Start of Recorded data

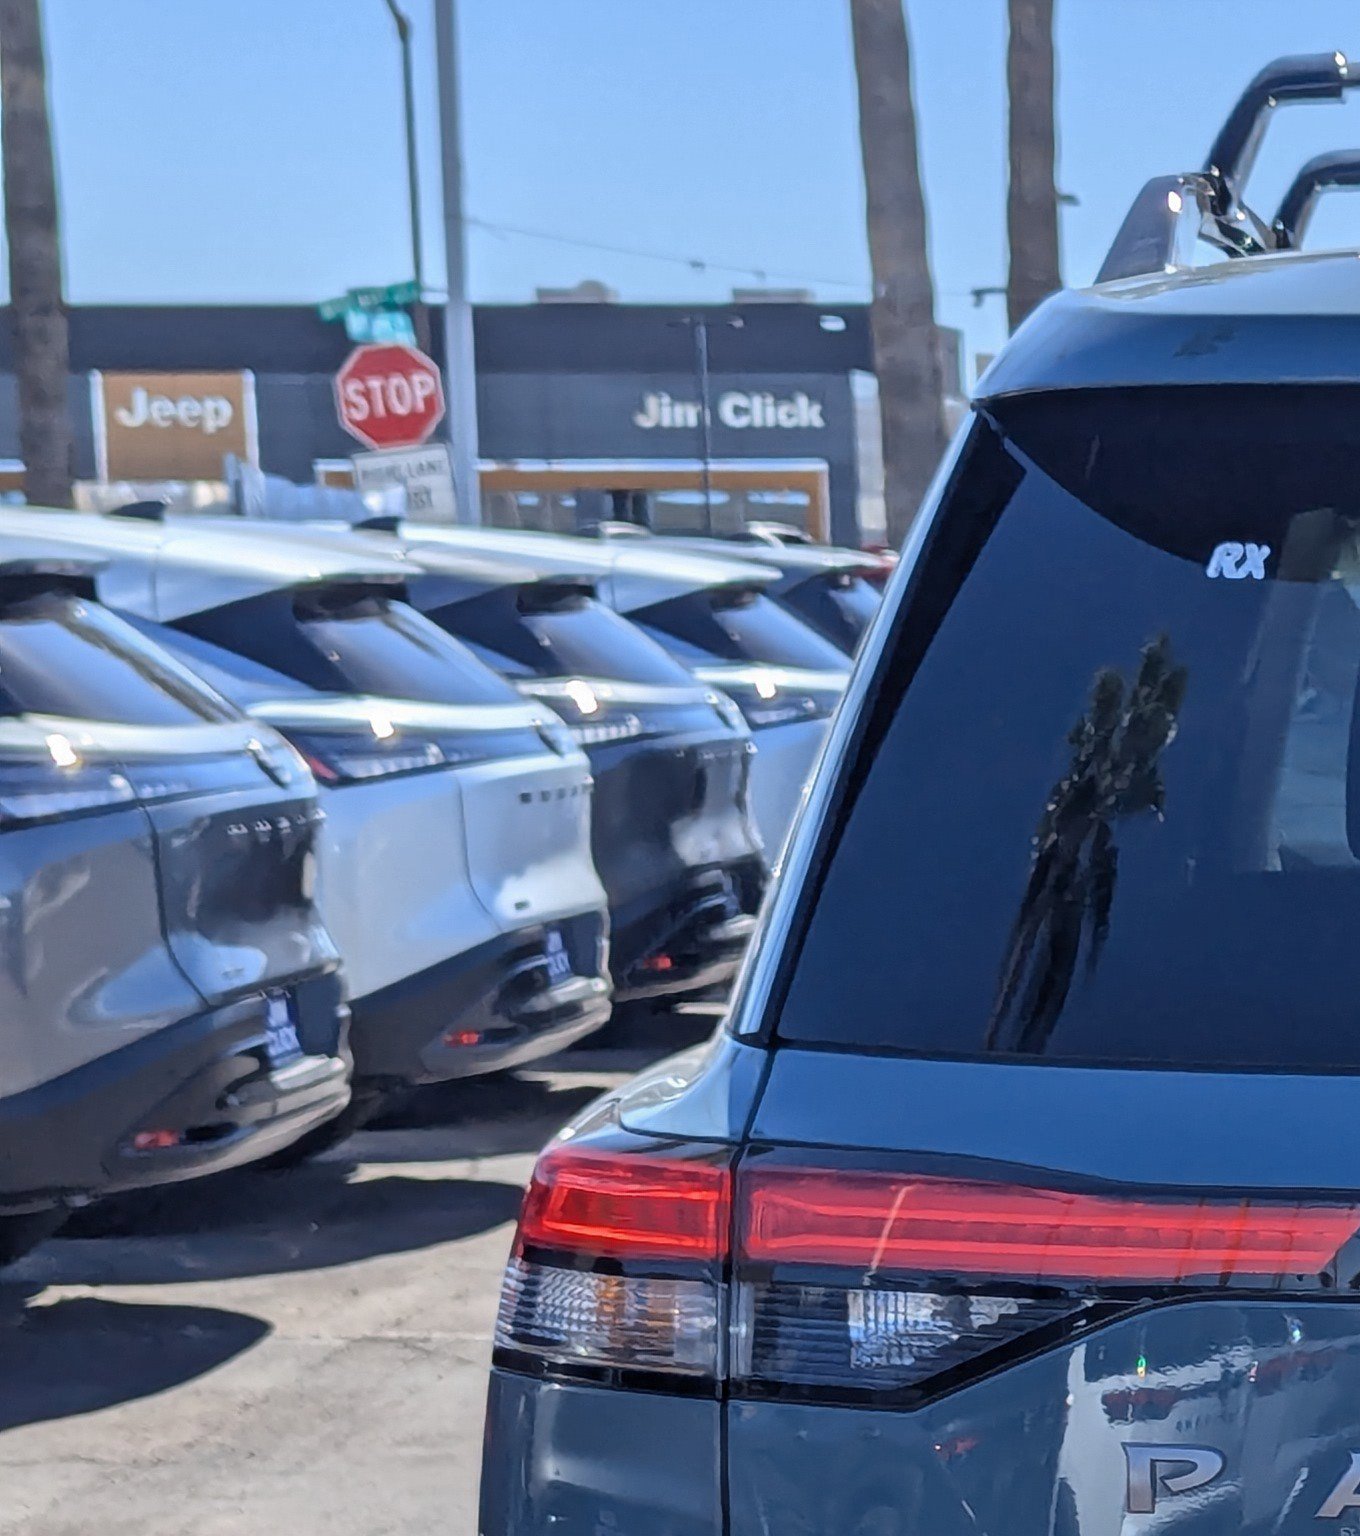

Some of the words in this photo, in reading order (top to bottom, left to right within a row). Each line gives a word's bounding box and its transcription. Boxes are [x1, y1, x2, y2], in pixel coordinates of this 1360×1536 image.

[114, 386, 233, 434] Jeep
[345, 372, 435, 421] STOP
[634, 391, 711, 428] Jim
[718, 391, 826, 428] Click
[1206, 541, 1271, 580] RX
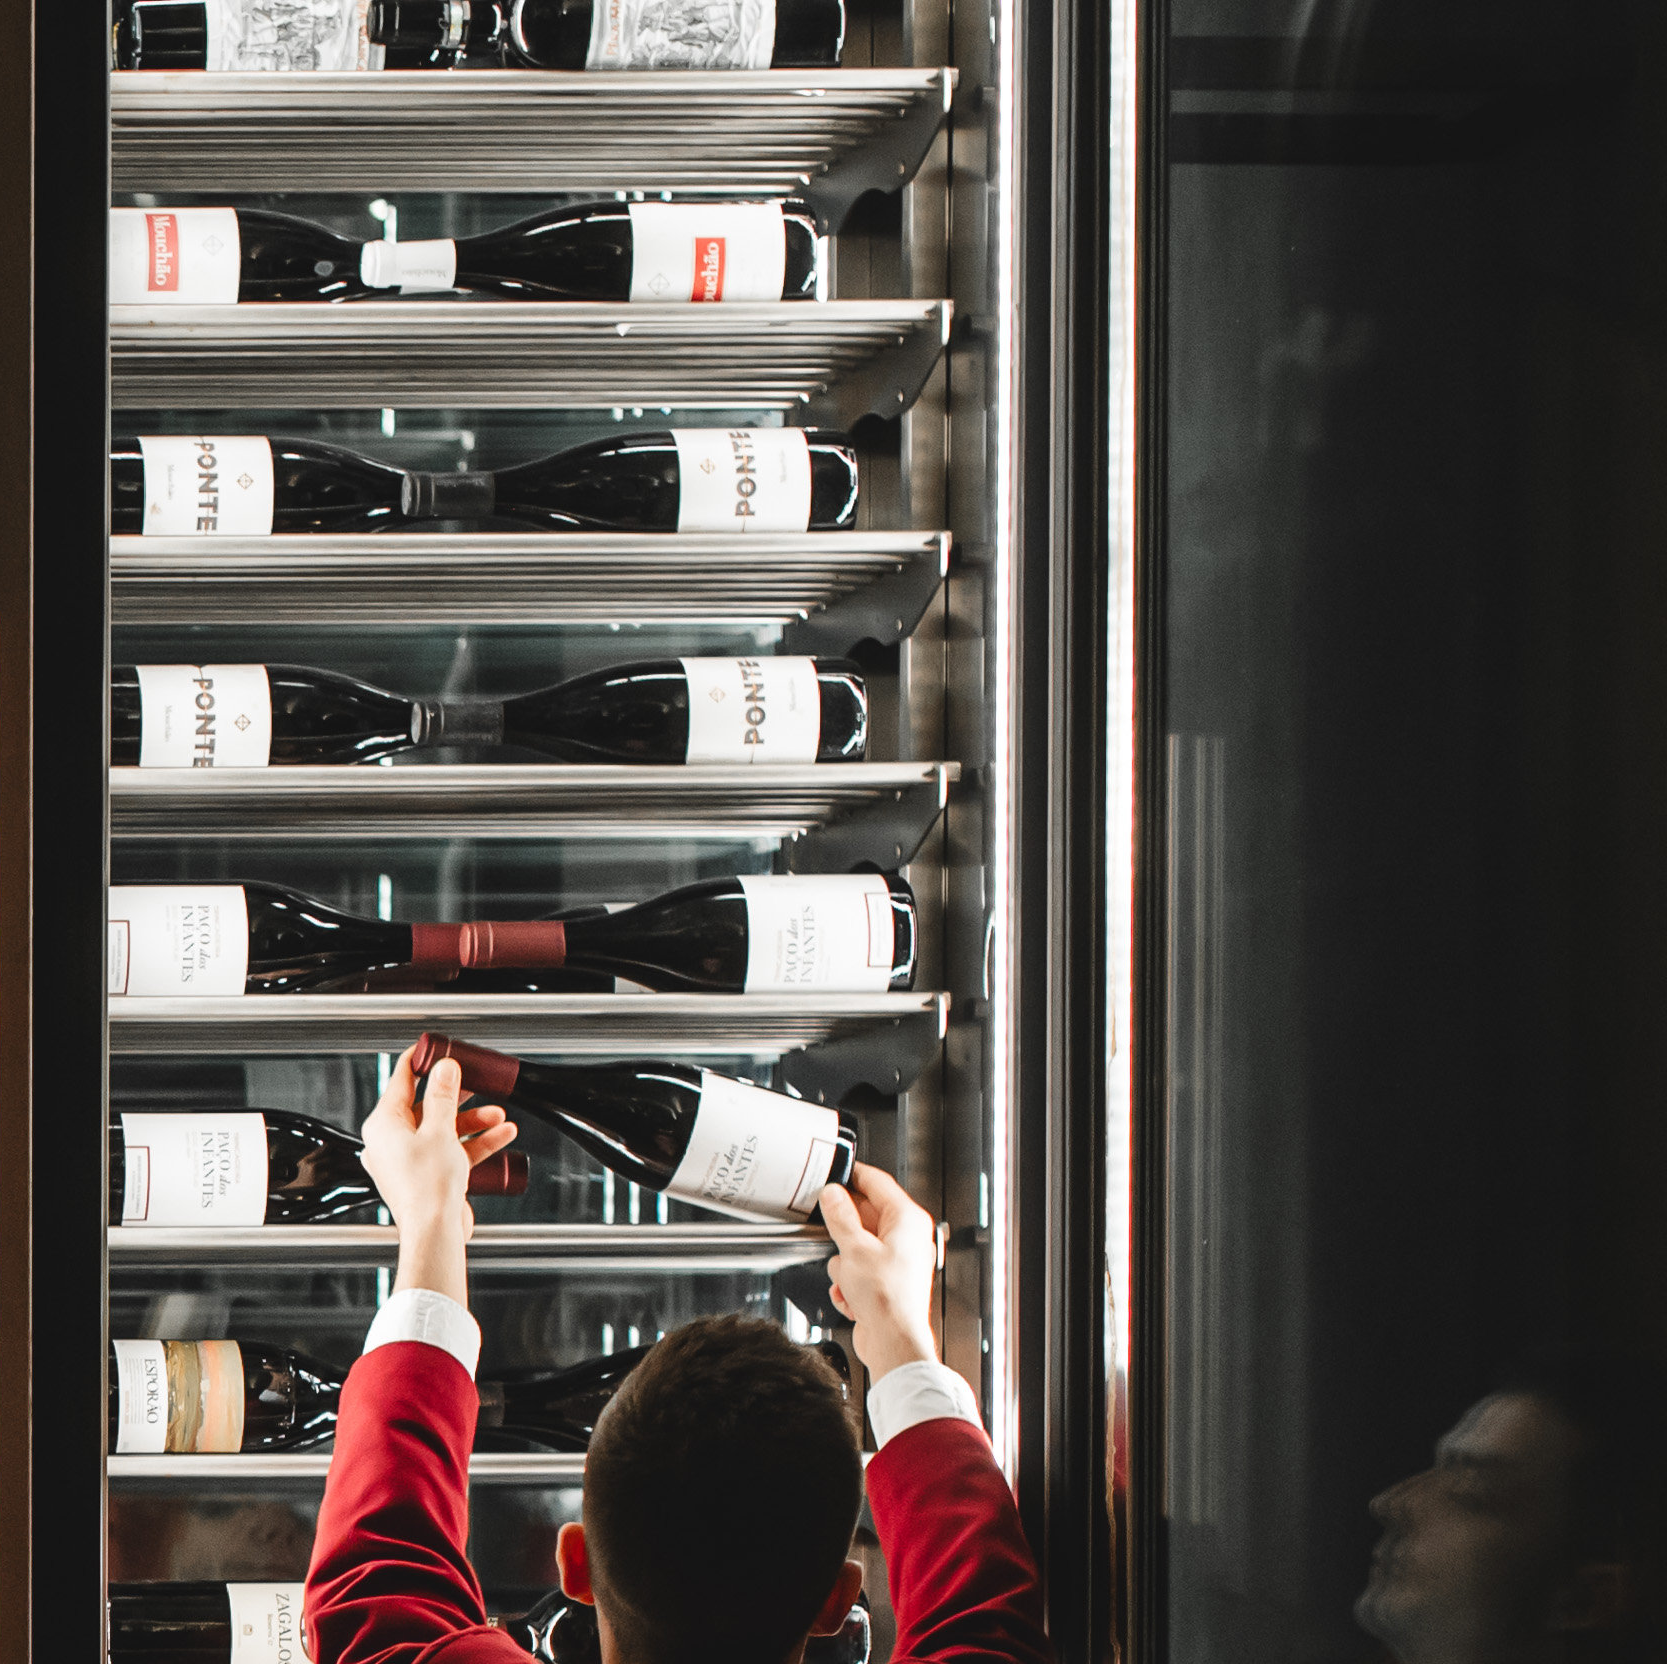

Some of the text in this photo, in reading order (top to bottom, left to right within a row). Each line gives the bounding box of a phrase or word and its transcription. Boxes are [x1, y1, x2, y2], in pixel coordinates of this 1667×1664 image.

[153, 215, 173, 286] Mouchão
[194, 441, 219, 531] PONTE
[727, 431, 757, 517] PONTE
[192, 678, 217, 765] PONTE
[736, 660, 766, 745] PONTE
[181, 905, 195, 983] INFANTES
[194, 904, 211, 970] PAÇO dos
[784, 918, 799, 983] PAÇO dos
[798, 905, 816, 983] INFANTES
[200, 1131, 216, 1208] INFANTES
[215, 1132, 233, 1197] PAÇO dos
[703, 1143, 739, 1199] PAÇO dos
[719, 1134, 760, 1203] INFANTES
[144, 1358, 160, 1424] ESPORÃO

End of Recorded data

| Work instructions |
Exact copy, no pictures: please print the data above once more.

| Solution to this task |
Some of the words in this photo, in reading order (top to bottom, left to right within a row). Each line gives a word's bounding box and its transcription. Boxes are [x1, y1, x2, y2], in pixel coordinates of this 1360×1536 image.

[114, 386, 233, 434] Jeep
[345, 372, 435, 421] STOP
[634, 391, 711, 428] Jim
[718, 391, 826, 428] Click
[1206, 541, 1271, 580] RX

Some of the text in this photo, in reading order (top to bottom, left to right within a row). Each line gives the bounding box of a phrase or word and its transcription. Boxes are [x1, y1, x2, y2], in pixel coordinates of this 1667×1664 image.

[153, 215, 173, 286] Mouchão
[194, 441, 219, 531] PONTE
[727, 431, 757, 517] PONTE
[192, 678, 217, 765] PONTE
[736, 660, 766, 745] PONTE
[181, 905, 195, 983] INFANTES
[194, 904, 211, 970] PAÇO dos
[784, 918, 799, 983] PAÇO dos
[798, 905, 816, 983] INFANTES
[200, 1131, 216, 1208] INFANTES
[215, 1132, 233, 1197] PAÇO dos
[703, 1143, 739, 1199] PAÇO dos
[719, 1134, 760, 1203] INFANTES
[144, 1358, 160, 1424] ESPORÃO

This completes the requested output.